### INSTRUCTIONS FOR THE TASK
Apart from the pictures, reproduce the data below exactly as it stands.

### DATA FOR REVIEW
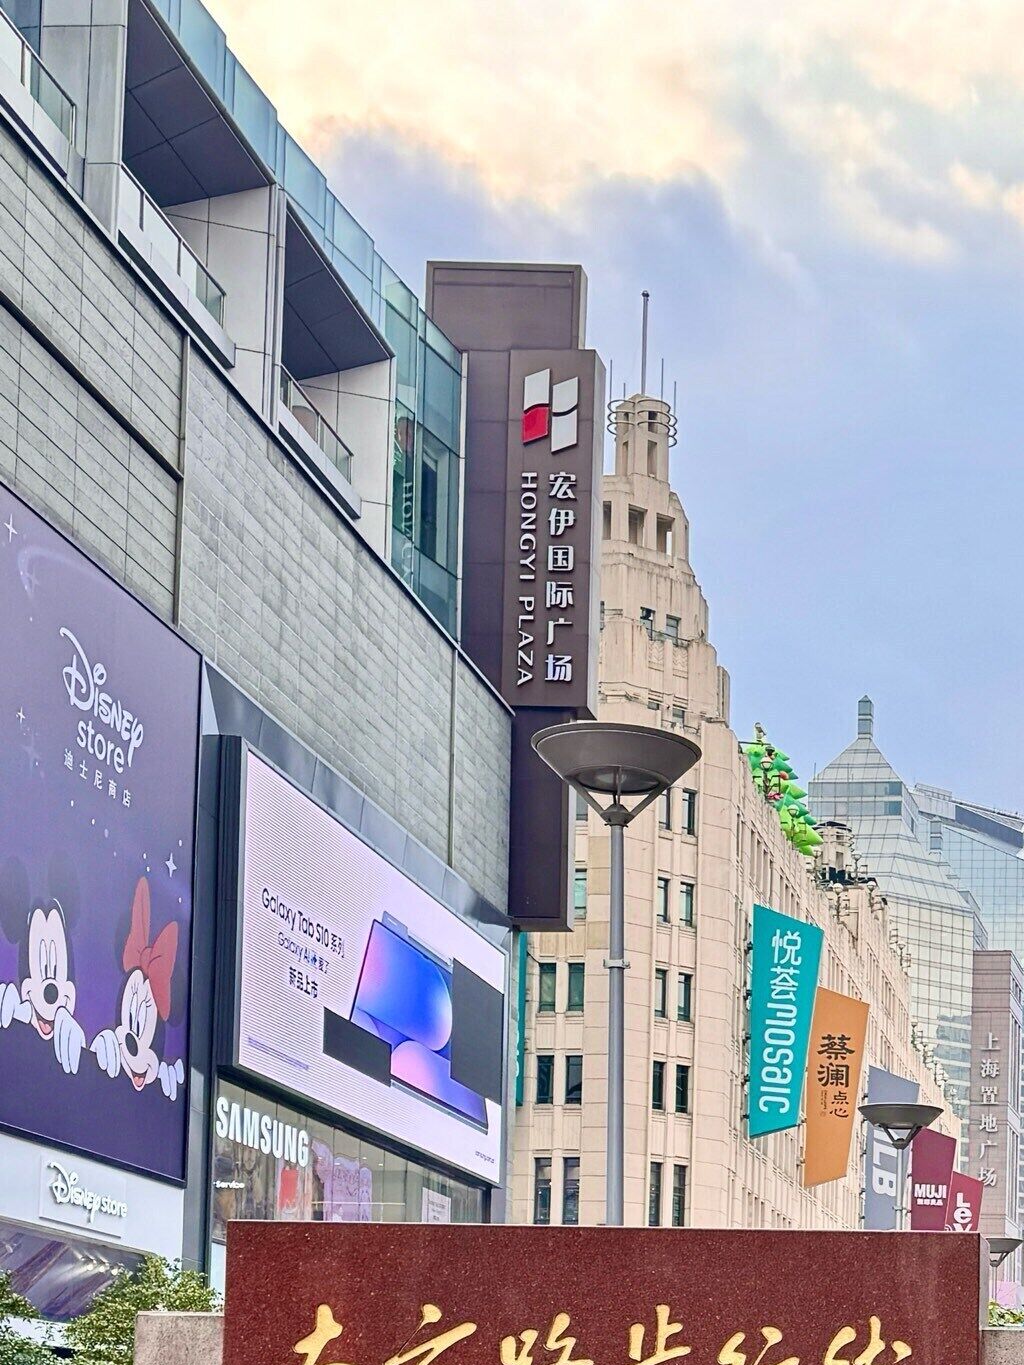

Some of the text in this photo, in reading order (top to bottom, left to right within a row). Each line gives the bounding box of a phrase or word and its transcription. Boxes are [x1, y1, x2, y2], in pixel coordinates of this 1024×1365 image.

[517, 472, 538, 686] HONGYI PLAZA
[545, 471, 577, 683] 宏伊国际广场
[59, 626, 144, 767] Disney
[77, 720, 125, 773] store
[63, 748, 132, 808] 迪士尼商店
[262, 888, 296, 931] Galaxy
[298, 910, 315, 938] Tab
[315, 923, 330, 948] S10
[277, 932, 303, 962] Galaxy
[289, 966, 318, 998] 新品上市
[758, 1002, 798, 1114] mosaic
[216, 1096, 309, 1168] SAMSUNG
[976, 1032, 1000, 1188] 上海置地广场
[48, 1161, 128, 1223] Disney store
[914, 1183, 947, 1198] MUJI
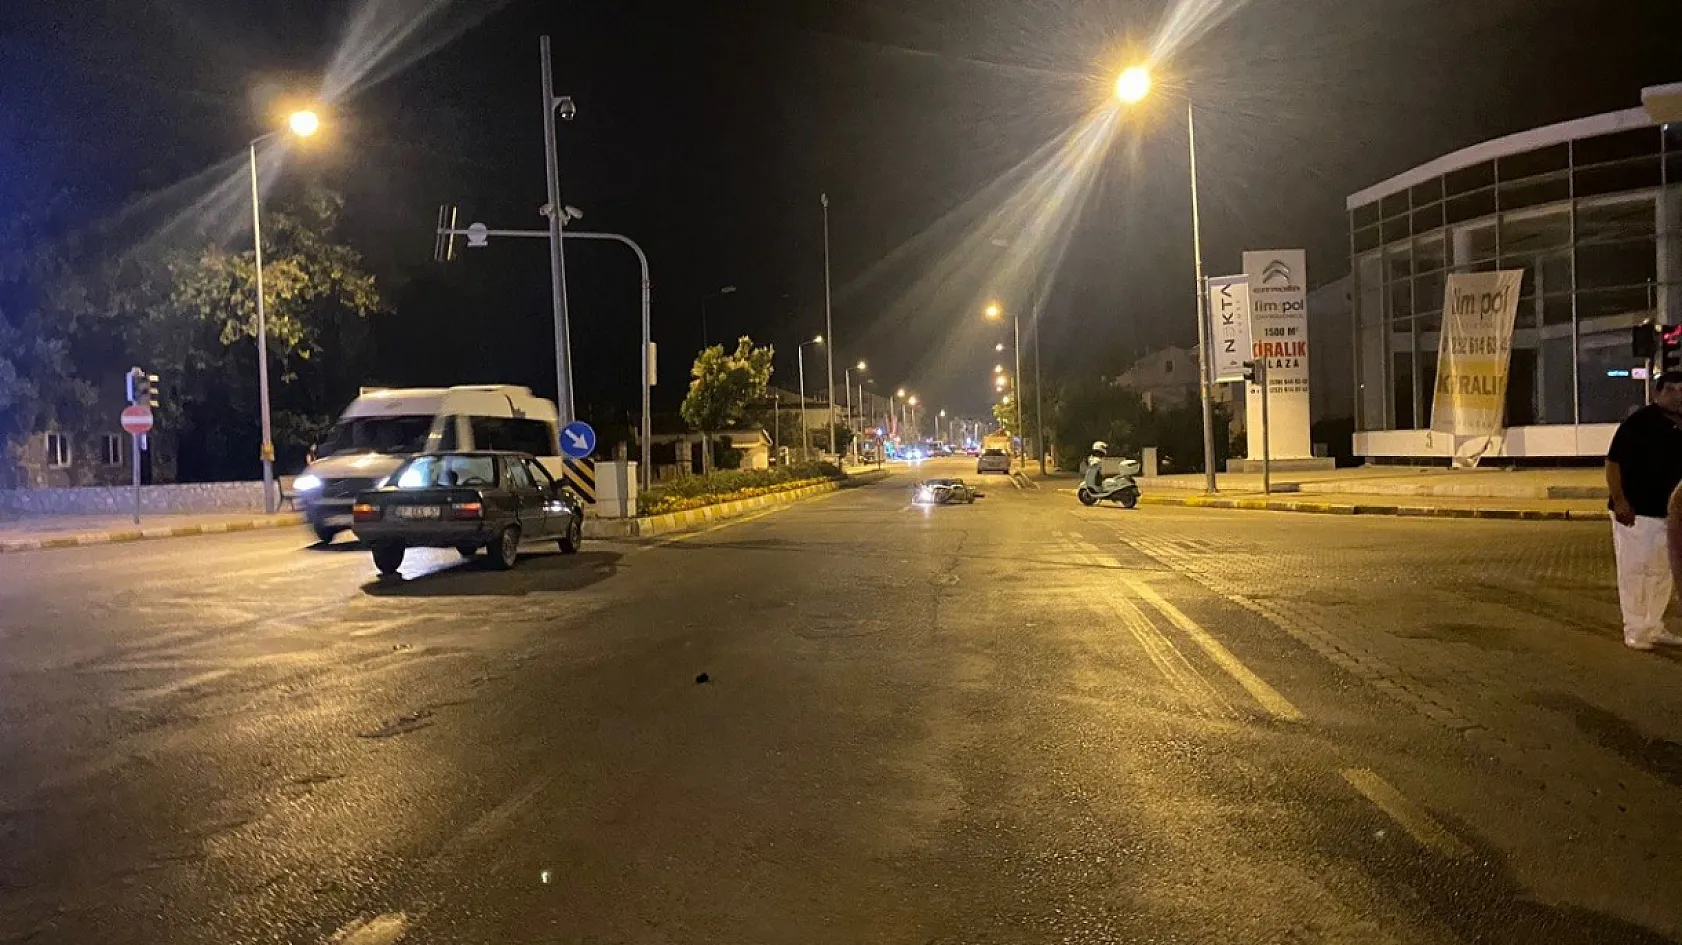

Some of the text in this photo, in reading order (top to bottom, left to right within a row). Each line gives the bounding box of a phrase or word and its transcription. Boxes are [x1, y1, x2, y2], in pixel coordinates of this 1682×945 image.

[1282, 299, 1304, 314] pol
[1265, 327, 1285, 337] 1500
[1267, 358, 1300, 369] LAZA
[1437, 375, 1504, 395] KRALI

### PROBLEM SOLUTION
Some of the text in this photo, in reading order (top to bottom, left to right within a row). Each line gives the bounding box of a phrase or word and its transcription. Boxes are [x1, y1, x2, y2], in pixel coordinates of this 1024×1365 image.

[517, 472, 538, 686] HONGYI PLAZA
[545, 471, 577, 683] 宏伊国际广场
[59, 626, 144, 767] Disney
[77, 720, 125, 773] store
[63, 748, 132, 808] 迪士尼商店
[262, 888, 296, 931] Galaxy
[298, 910, 315, 938] Tab
[315, 923, 330, 948] S10
[277, 932, 303, 962] Galaxy
[289, 966, 318, 998] 新品上市
[758, 1002, 798, 1114] mosaic
[216, 1096, 309, 1168] SAMSUNG
[976, 1032, 1000, 1188] 上海置地广场
[48, 1161, 128, 1223] Disney store
[914, 1183, 947, 1198] MUJI

Some of the text in this photo, in reading order (top to bottom, left to right within a row). Each line gives the bounding box of a phrase or word and its transcription. Boxes are [x1, y1, x2, y2], in pixel coordinates of this 1682×945 image.

[1282, 299, 1304, 314] pol
[1265, 327, 1285, 337] 1500
[1267, 358, 1300, 369] LAZA
[1437, 375, 1504, 395] KRALI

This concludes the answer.